This post is HARD geeky, but I’m putting it out there for Googlejuice reasons.
Recently, some code over at Spacetaker stopped working, and I couldn’t figure out why. The salient bit of code is this:
my $req = $m->make_subrequest( comp => '/httpdocs/newsletter.html',
args => [ id => $ff->{id}, fridayfotoflag => 't' ],
out_method => \$newsletter,
autoflush => 0 );
$req->exec;
my $mail = MIME::Lite->new( From => $sender,
To => $where{$ARGS{do}},
Subject => "FridayFoto for $ff->{week}",
Type => "text/html",
Data => $newsletter);
$mail->send('smtp', $server, Timeout => 60, Debut => 1);
$m->out(qq{Success!
Newsletter "$ff->{title}" for the week of $ff->{week} has
been sent to $where{$ARGS{do}}.);
Ideally, this assembles the newsletter itself with the $m->make_subrequest
call, and then mails it with the calls to MIME::Lite
to whomever it appropriate. It then went on to display a success message noting to whom the the mail (a weekly newsletter) had been sent. All good, right?
Well, no. All of a sudden (see below), the page in question would churn and churn and churn, but never actually load. The problem was clearly NOT the MIME::Lite
calls, as (a) they continued to do their job even as the page churned and (b) the page churned endlessly even with those lines commented out. Under no circumstances did the text in the $m->out
call get shown, but debugging output to STDERR would show up pretty much all the way through.
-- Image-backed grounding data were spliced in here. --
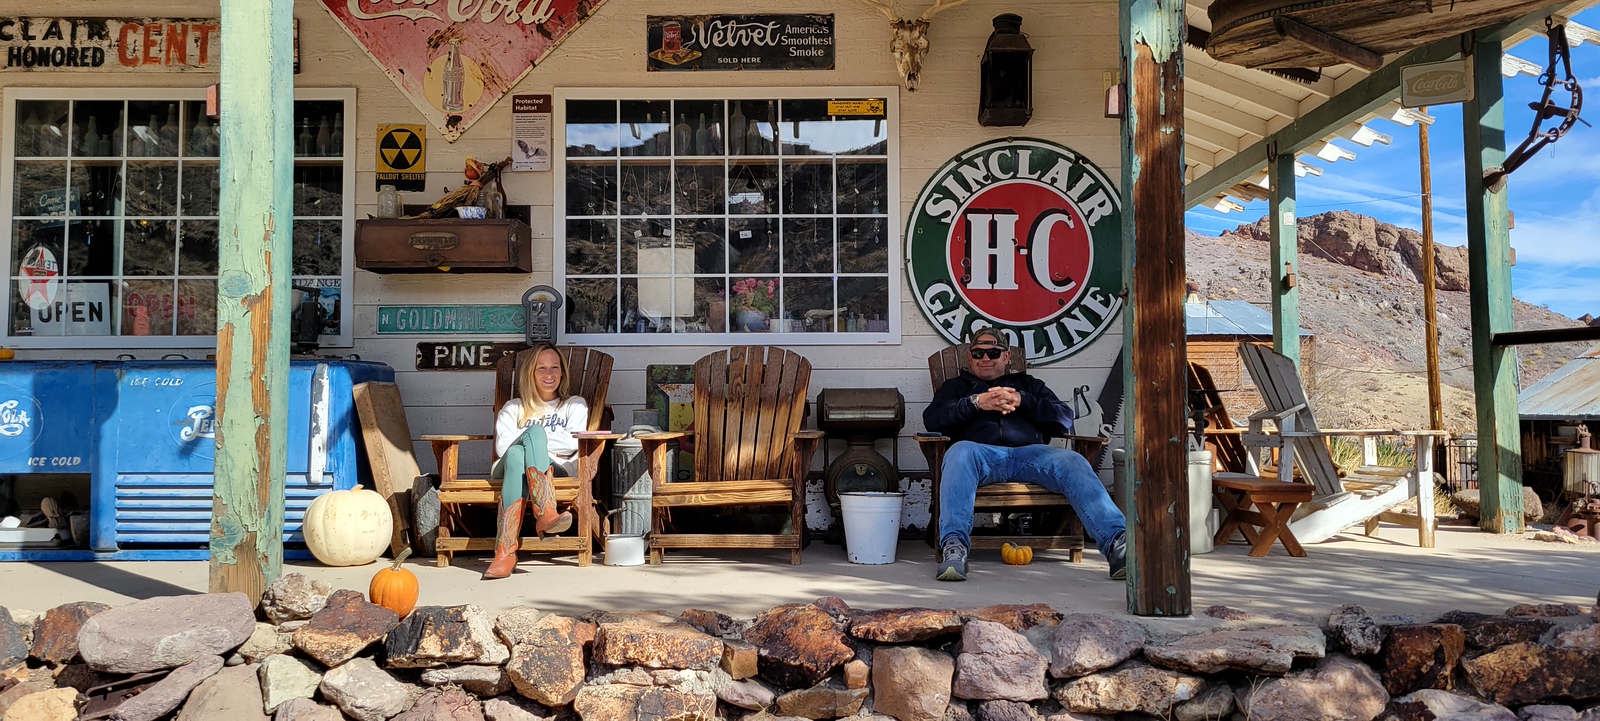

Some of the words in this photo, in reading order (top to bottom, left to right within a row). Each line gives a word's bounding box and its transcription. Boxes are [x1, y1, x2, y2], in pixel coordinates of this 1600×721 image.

[699, 20, 780, 49] Velvet
[785, 25, 829, 34] America's
[781, 36, 832, 46] Smoothest
[789, 47, 824, 57] Smoke
[8, 46, 105, 68] HONORED
[925, 149, 1114, 226] SINCLAIR
[966, 213, 1077, 293] H-C
[38, 301, 103, 323] OPEN
[127, 293, 195, 320] OPEN
[396, 308, 487, 330] GOLDMINE
[434, 345, 493, 366] PINE
[28, 457, 45, 466] ICE
[51, 457, 81, 466] COLD
I consulted my MasonGuru for help, and we finally sat down to chase it this morning. Step one was upgrading Mason; I was a version or so behind. After upgrading from 1.28 to 1.3101, we started getting errors instead of silent failures, which is definitely a step in the right direction. Turns out, the subrequest call was failing (silently under 1.28, but with an error under 1.3101) for no apparent reason. Much Googling finally pointed out the issue, which we found referenced here and detailed here. For posterity, I’ll reproduce it:
There is a known problem in MasonX::Request::WithApacheSession
0.30, which is the most current release. Subrequests may work once, but after that they fail in a sort of endless loop condition for reasons I don’t understand.
To make this work, do this:
From: Derek Poon OCF.Berkeley.EDU>
Subject: MasonX::Request::WithApacheSession 0.30 bug: subrequests
Newsgroups: gmane.comp.web.mason.devel
Date: 2005-07-10 02:03:23 GMT (12 weeks, 3 days, 12 hours and 14 minutes ago)
Hi,
There is a bug in MasonX::Request::WithApacheSession 0.30 that causes
an error when executing subrequests.
I have this in my httpd.conf:
PerlSetVar MasonRequestClass MasonX::Request::WithApacheSession
When running $m->subexec(...) in Mason, I get this error in the
browser:
error:
Can't call method "exec" on an undefined value at [...]/HTML/Mason/
Request.pm line 538, line 2.
Trace begun at [...]/HTML/Mason/Exceptions.pm line 128
HTML::Mason::Exceptions::rethrow_exception('Can\'t call method "exec"
on an undefined value at [...]/HTML/Mason/Request.pm line 538,
line 2.^J') called at [...]/HTML/Mason/Request.pm line 538
HTML::Mason::Request::subexec([...]) called at [...]/autohandler line 58
[...]
Here's the fix:
--- MasonX-Request-WithApacheSession-0.30/lib/MasonX/Request/
WithApacheSession.pm.subrequest 2004-03-19 23:27:55.000000000 +0100
+++ MasonX-Request-WithApacheSession-0.30/lib/MasonX/Request/
WithApacheSession.pm 2005-07-10 03:52:35.000000000 +0200
-74,7 +74,7
my $self = $class->SUPER::new( _);
- return if $self->is_subrequest;
+ return $self if $self->is_subrequest;
# backwards compatibility
$self->{session_param_name} =
For the unitiated, this means:
- Find the Perl module named
WithApacheSession.pm
, which will be in a directory called MasonX/Request/
that is contained in one of the directories listed when you do a perl -V
from your server’s command line. On my OS X server, it’s
/Library/Perl/5.8.1/MasonX/Request/WithApacheSession.pm
- Locate the line “
return if $self->is_subrequest;
“, which should be around/about 74.
- Change it to “
return $self if $self->is_subrequest;
“
- Stop and Start Apache (not a restart; do a full stop and start).
- Bob’s your uncle.
The reason this mysteriously started breaking was that I installed the module in question to support sessions, and it steps in to handle all subrequests, causing the problem to occur in non-session-related code.